● **DATA FOR ANALYSIS**:
BEGIN
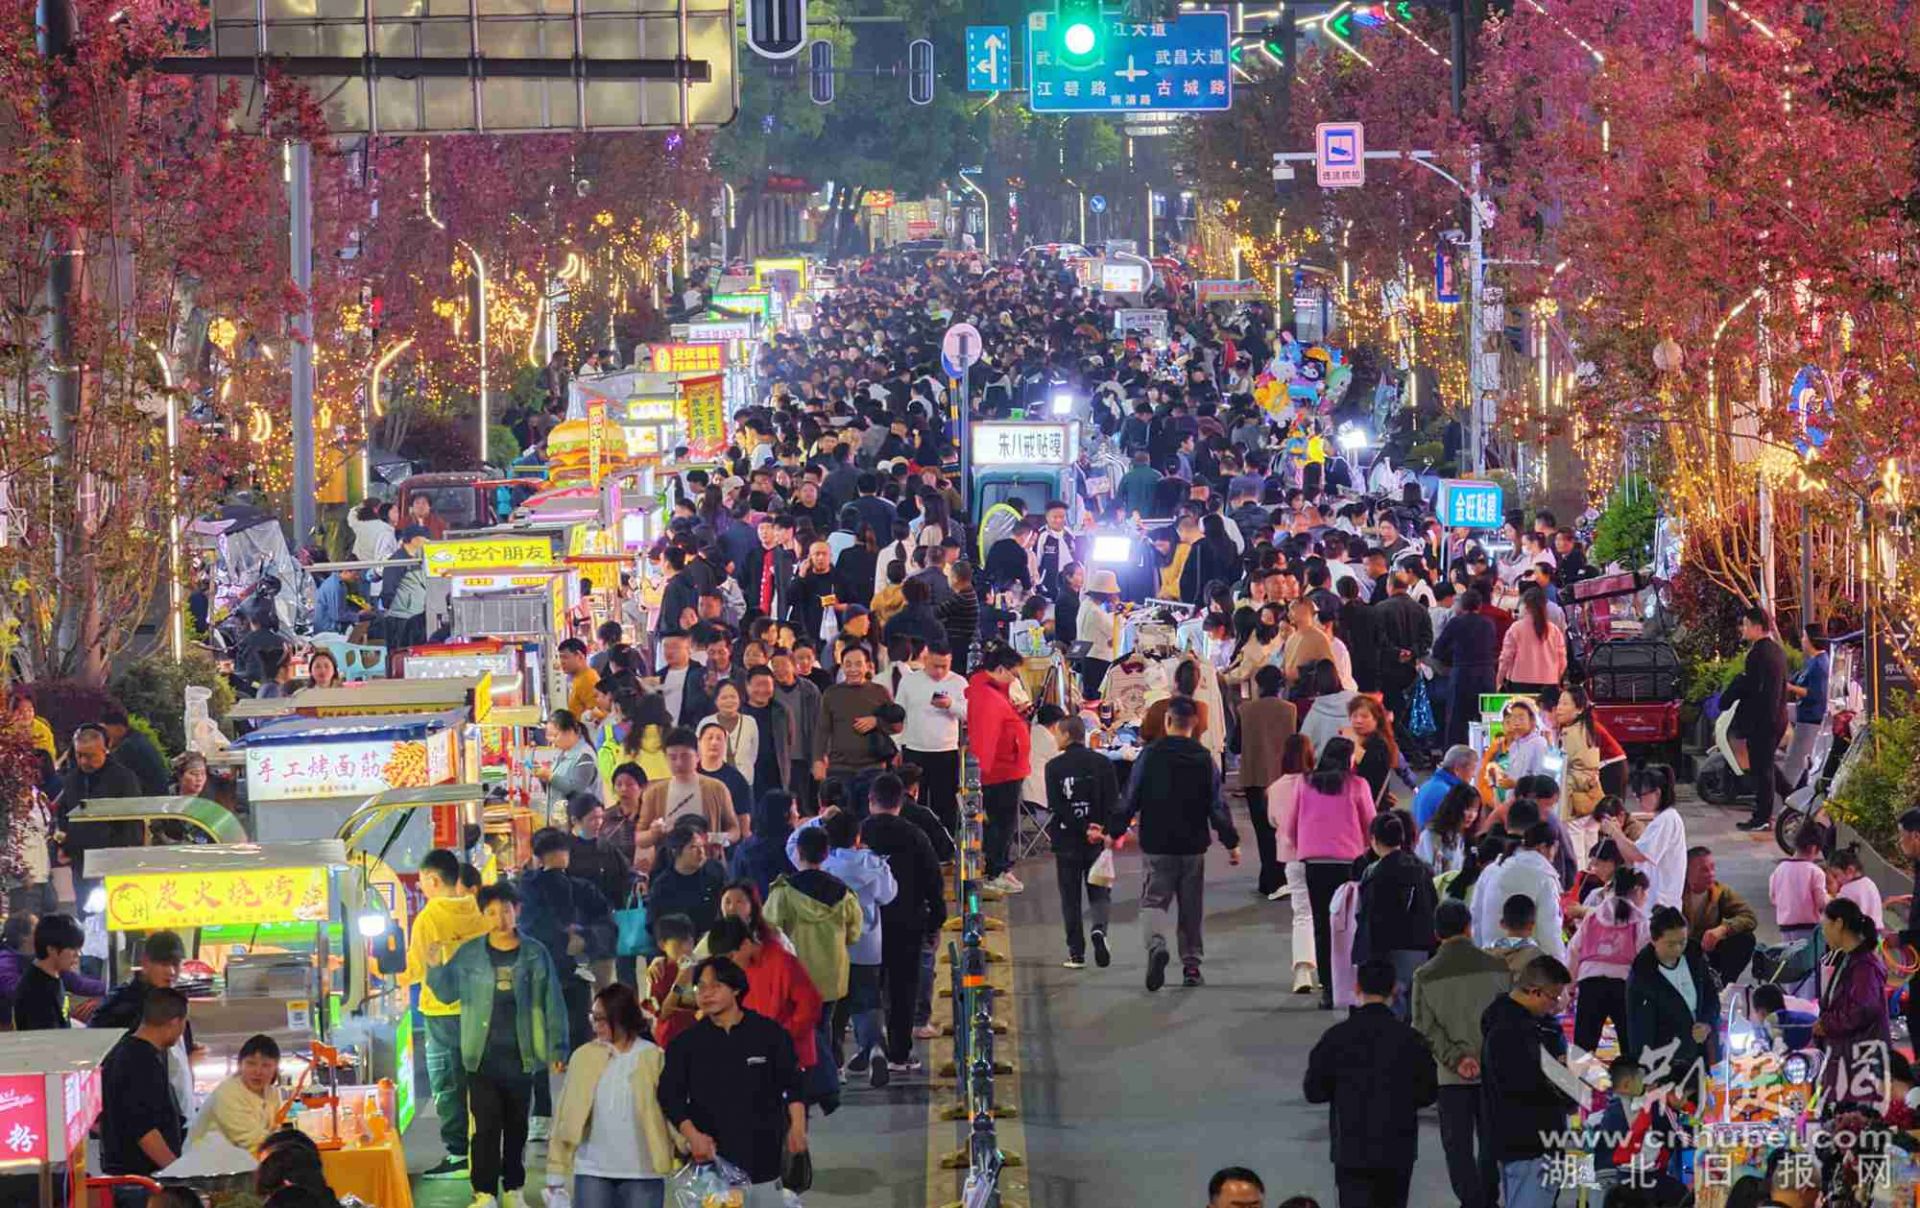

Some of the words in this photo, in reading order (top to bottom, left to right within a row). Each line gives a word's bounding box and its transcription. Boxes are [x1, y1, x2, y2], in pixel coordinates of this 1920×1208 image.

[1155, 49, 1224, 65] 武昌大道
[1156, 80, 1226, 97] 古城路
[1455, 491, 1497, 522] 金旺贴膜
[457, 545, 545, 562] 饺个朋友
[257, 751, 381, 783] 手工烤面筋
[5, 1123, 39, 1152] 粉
END
● **TASK OBJECTIVE**:
What you return should be the whole listing, word for word, without its pictures.

● **FINAL ANSWER**:
Some of the words in this photo, in reading order (top to bottom, left to right within a row). Each line gives a word's bounding box and its transcription. Boxes are [x1, y1, x2, y2], in pixel coordinates of this 1920×1208 image.

[1155, 49, 1224, 65] 武昌大道
[1156, 80, 1226, 97] 古城路
[1455, 491, 1497, 522] 金旺贴膜
[457, 545, 545, 562] 饺个朋友
[257, 751, 381, 783] 手工烤面筋
[5, 1123, 39, 1152] 粉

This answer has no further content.